Caminhos e Expectativas Futuras
Com a recente decisão, espera-se que as normas regulatórias para OGMs no Brasil sigam uma linha que equilibre o direito à informação e a viabilidade econômica. Abaixo, listei algumas possíveis tendências e desdobramentos:
- Revisão e Consolidação das Normas de Rotulagem: Com a reafirmação do limite de 1%, o governo poderá consolidar a regulamentação de OGMs para fornecer mais clareza aos consumidores e às empresas sobre as práticas de rotulagem.
- Educação e Comunicação ao Consumidor: Para melhorar o entendimento sobre OGMs e reduzir preocupações, o governo e a indústria podem investir em campanhas que expliquem as implicações dos OGMs e o motivo pelo qual um limite foi estabelecido.
- Desenvolvimento de Tecnologias de Rastreabilidade: A tecnologia, como o uso de blockchain, pode auxiliar na rastreabilidade dos ingredientes, garantindo que as empresas possam facilmente identificar produtos que excedam o limite de 1% de OGMs.

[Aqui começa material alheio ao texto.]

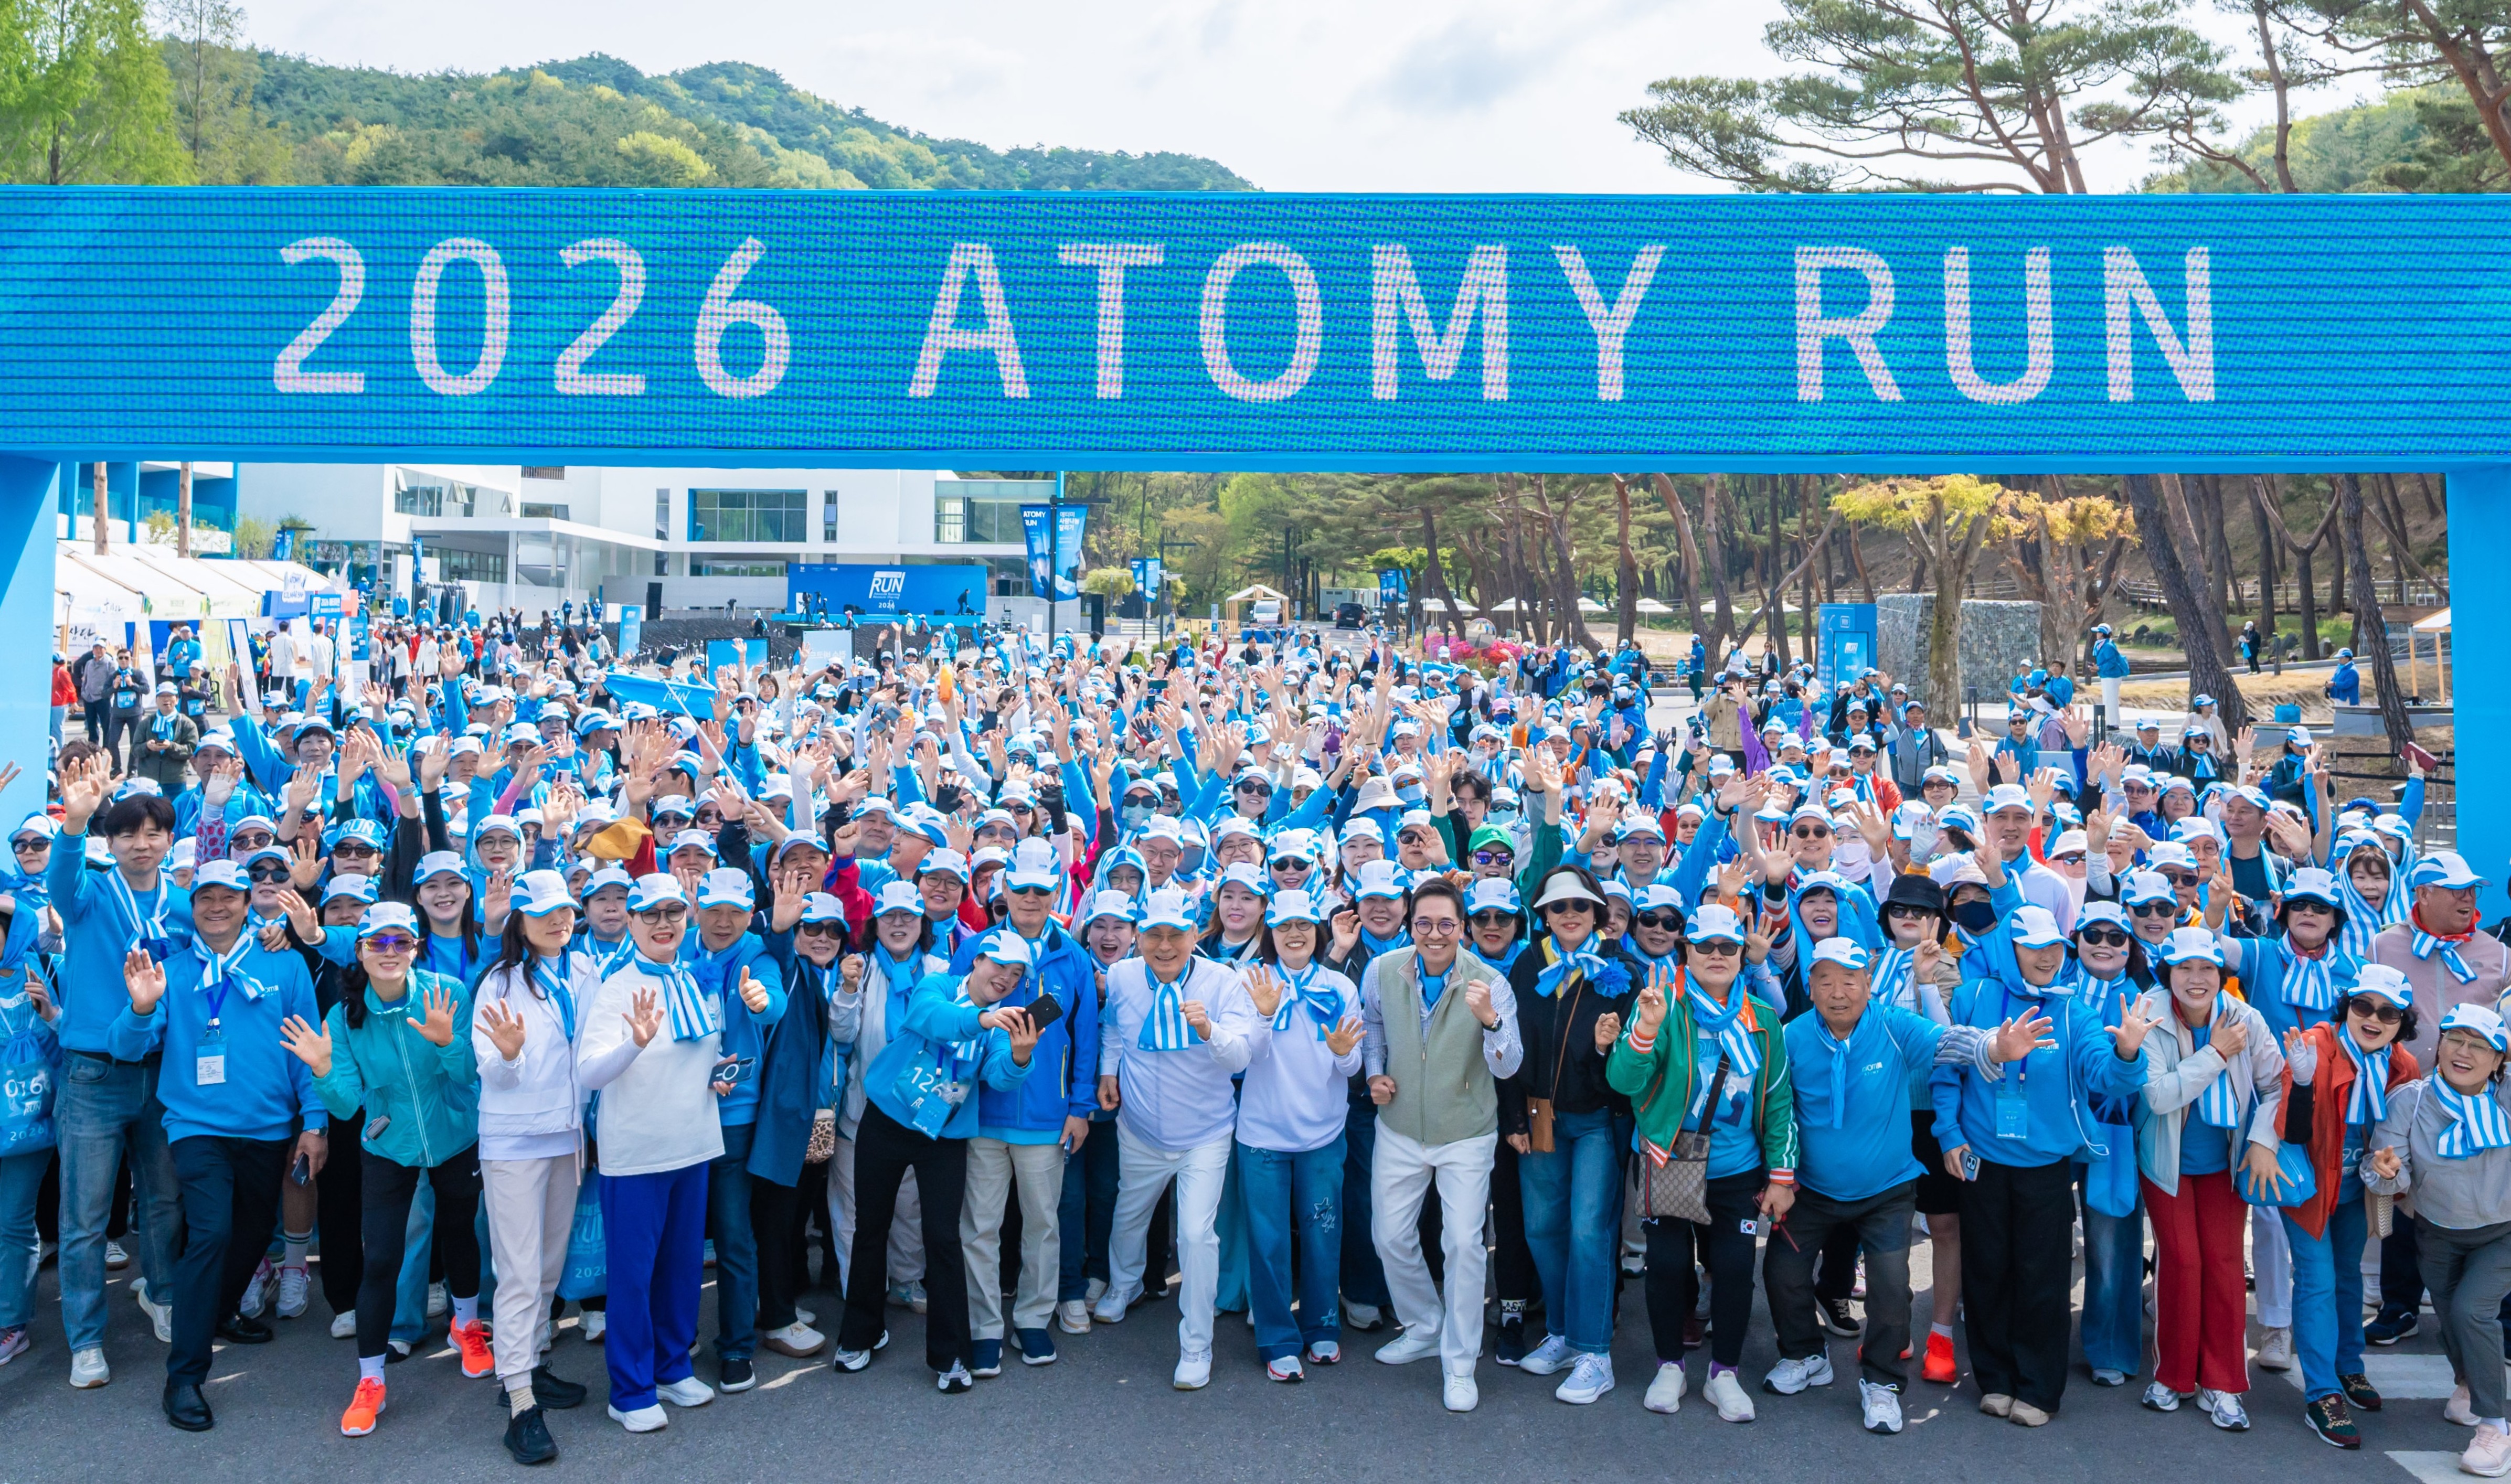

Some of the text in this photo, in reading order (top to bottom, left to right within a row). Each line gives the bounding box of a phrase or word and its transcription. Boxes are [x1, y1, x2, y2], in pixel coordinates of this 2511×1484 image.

- Mudança da Rotulagem: Como ainda cabe recurso, é aconselhável que a indústria aguarde um pouco mais antes de implementar mudanças na rotulagem.
A Rota para uma Rotulagem Transparente
A decisão do STJ sobre o limite de 1% para a rotulagem de OGMs reflete uma abordagem equilibrada que visa proteger tanto o consumidor quanto a viabilidade econômica do setor de alimentos. Embora o direito à informação continue a ser um pilar importante da legislação brasileira, o tribunal compreendeu que traços mínimos de OGMs não representam riscos significativos para a saúde pública e que a rotulagem excessiva seria prejudicial à indústria.

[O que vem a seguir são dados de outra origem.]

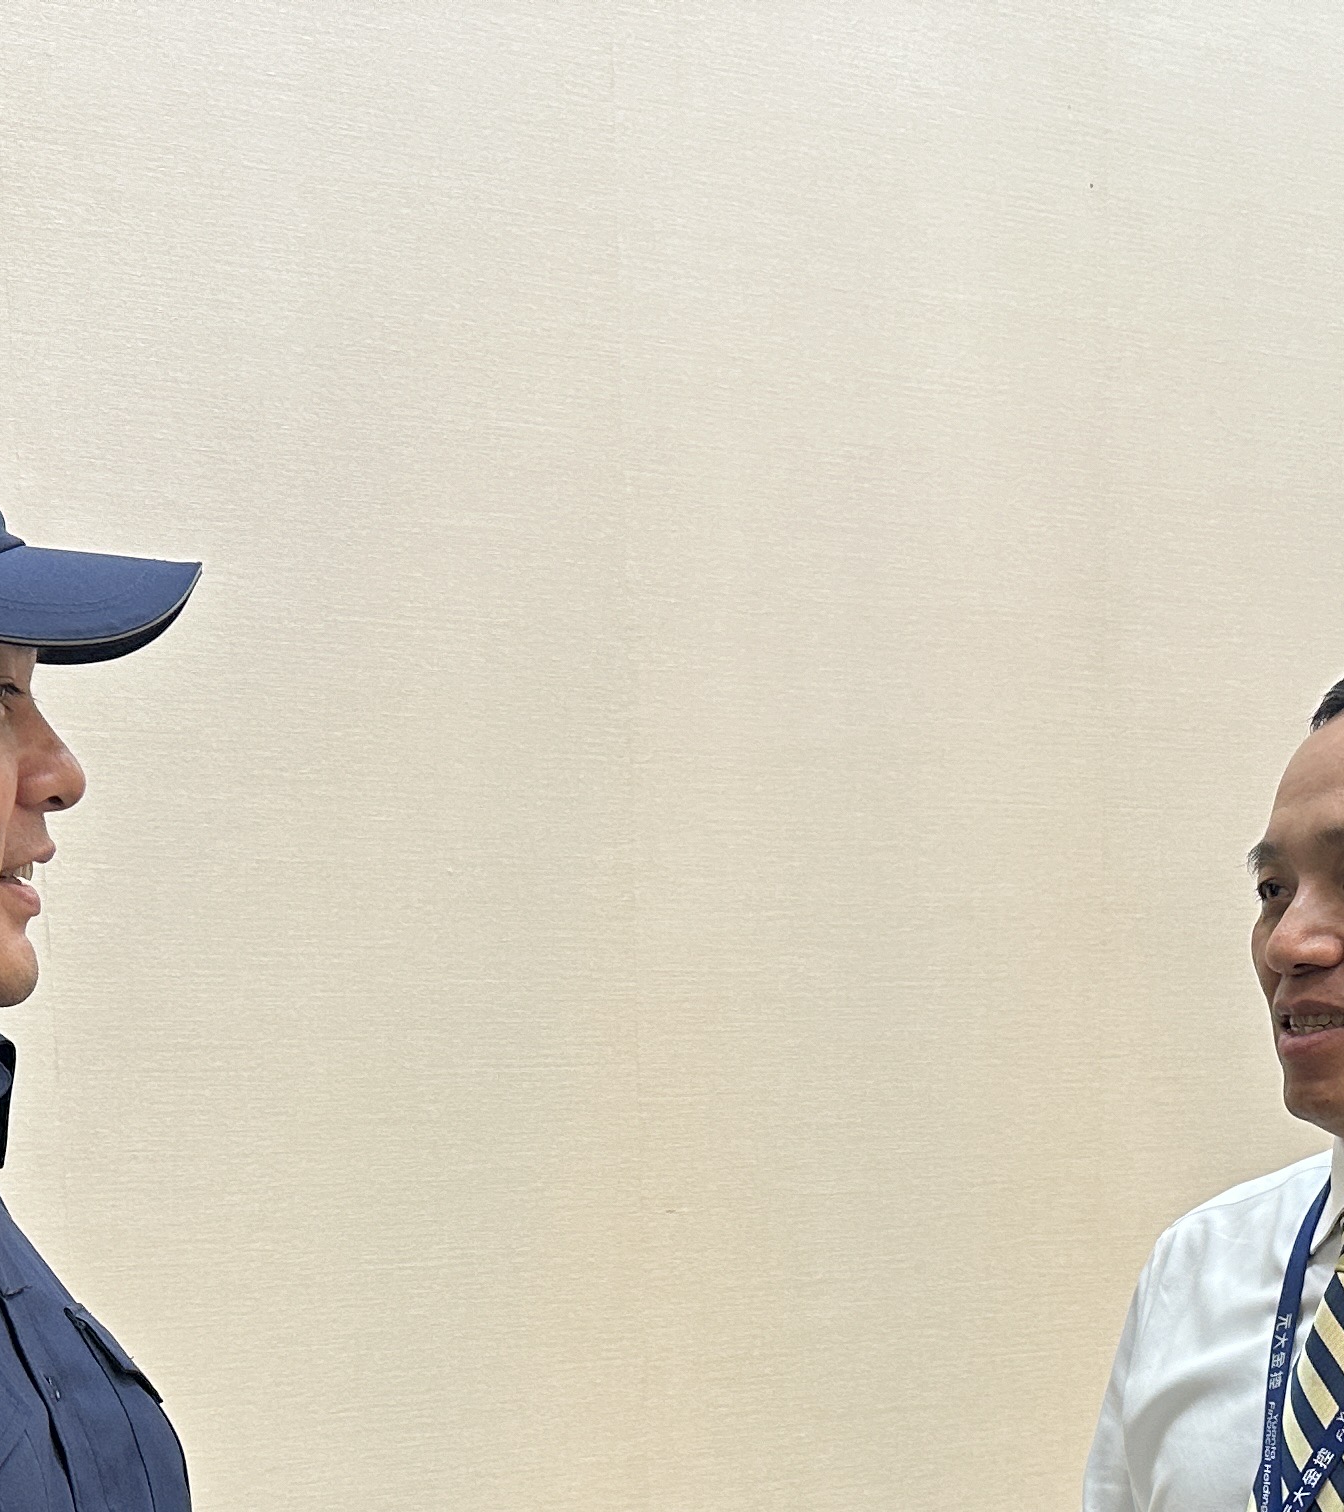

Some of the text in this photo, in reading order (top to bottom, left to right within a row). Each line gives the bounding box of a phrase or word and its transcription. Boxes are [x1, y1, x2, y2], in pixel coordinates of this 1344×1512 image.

[1269, 1313, 1292, 1390] 元大金控
[1264, 1401, 1276, 1461] Financial
[1270, 1413, 1279, 1460] Yuanta
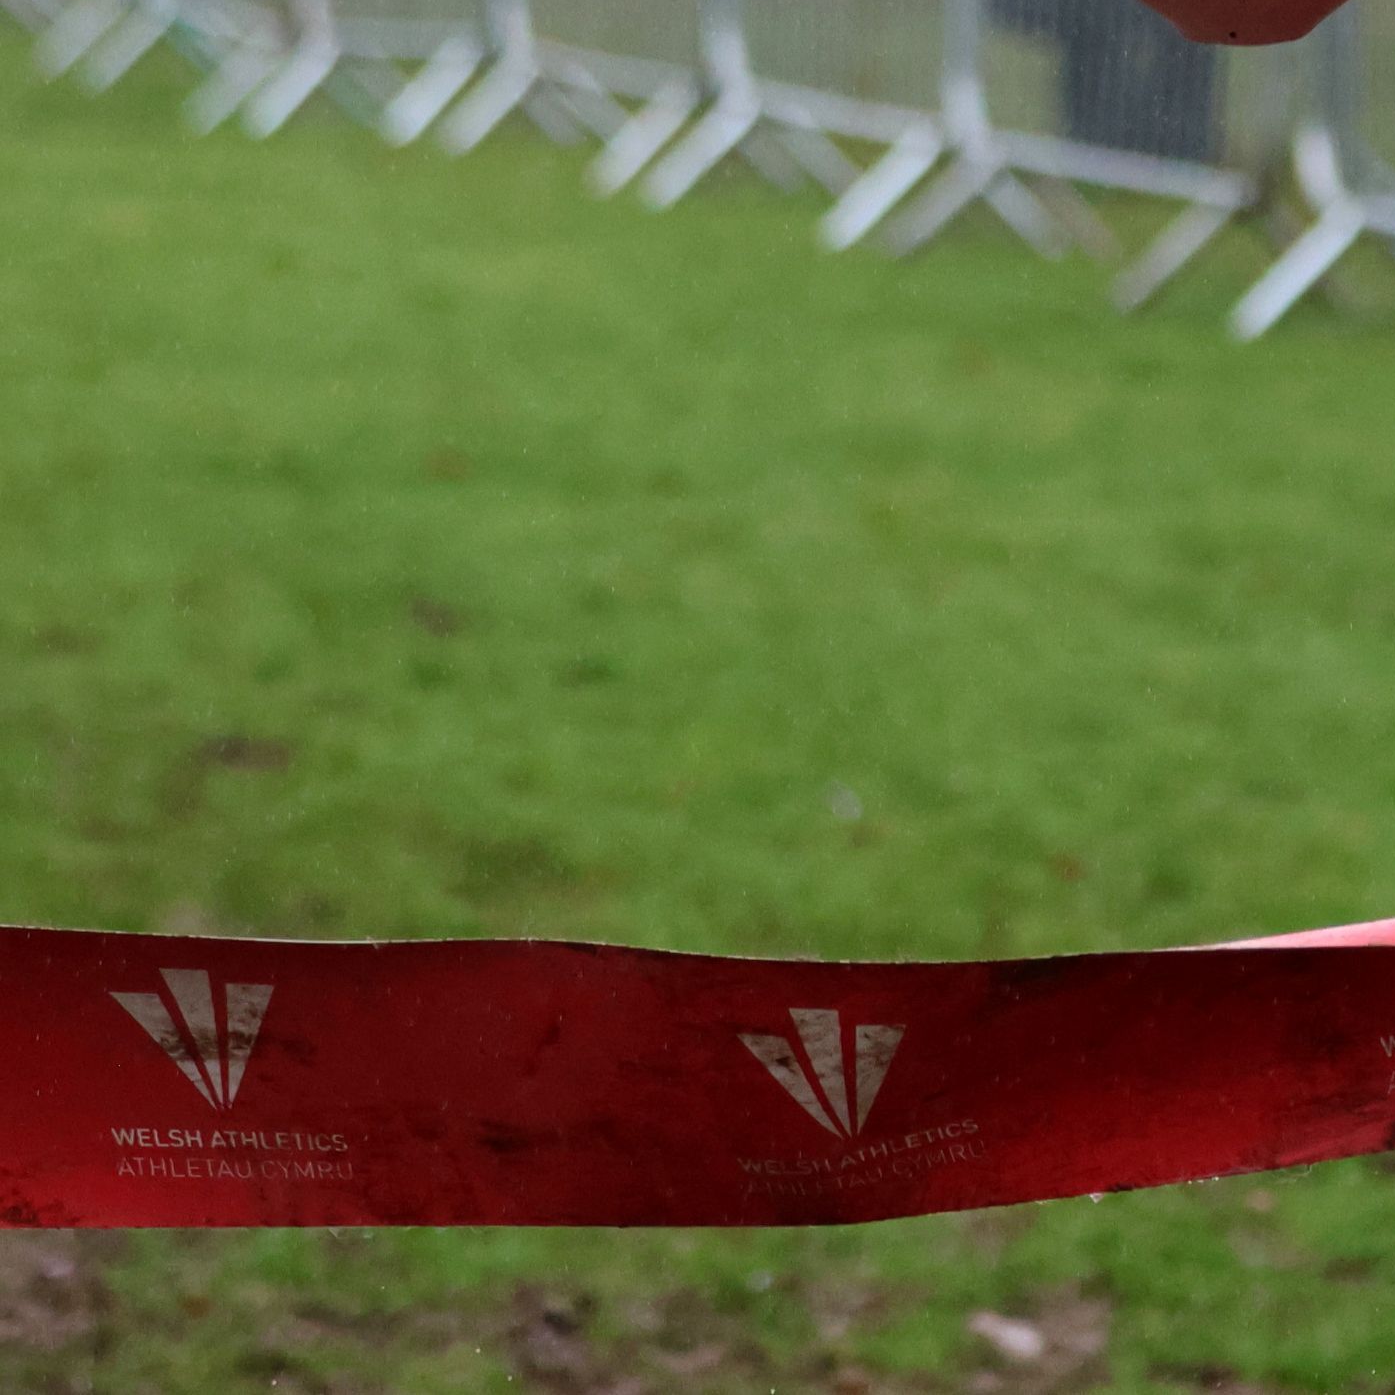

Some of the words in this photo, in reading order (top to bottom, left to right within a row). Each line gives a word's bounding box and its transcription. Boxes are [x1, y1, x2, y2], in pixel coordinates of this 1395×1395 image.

Essa decisão reafirma a importância com a segurança alimentar e a transparência, ao mesmo tempo em que reconhece os desafios econômicos enfrentados pelo setor produtivo.
E a Decisão é Final?
A decisão do STJ que reafirmou o limite de 1% para a rotulagem de OGMs ainda cabe recurso.
As partes interessadas podem interpor recurso extraordinário ao Supremo Tribunal Federal (STF) se argumentarem que a decisão viola dispositivos constitucionais. Com isso, o STF poderia, eventualmente, reavaliar a questão com base em princípios constitucionais. Portanto, enquanto o STJ consolidou o limite de 1%, o desfecho definitivo da controvérsia ainda depende da análise do STF, caso seja acionado.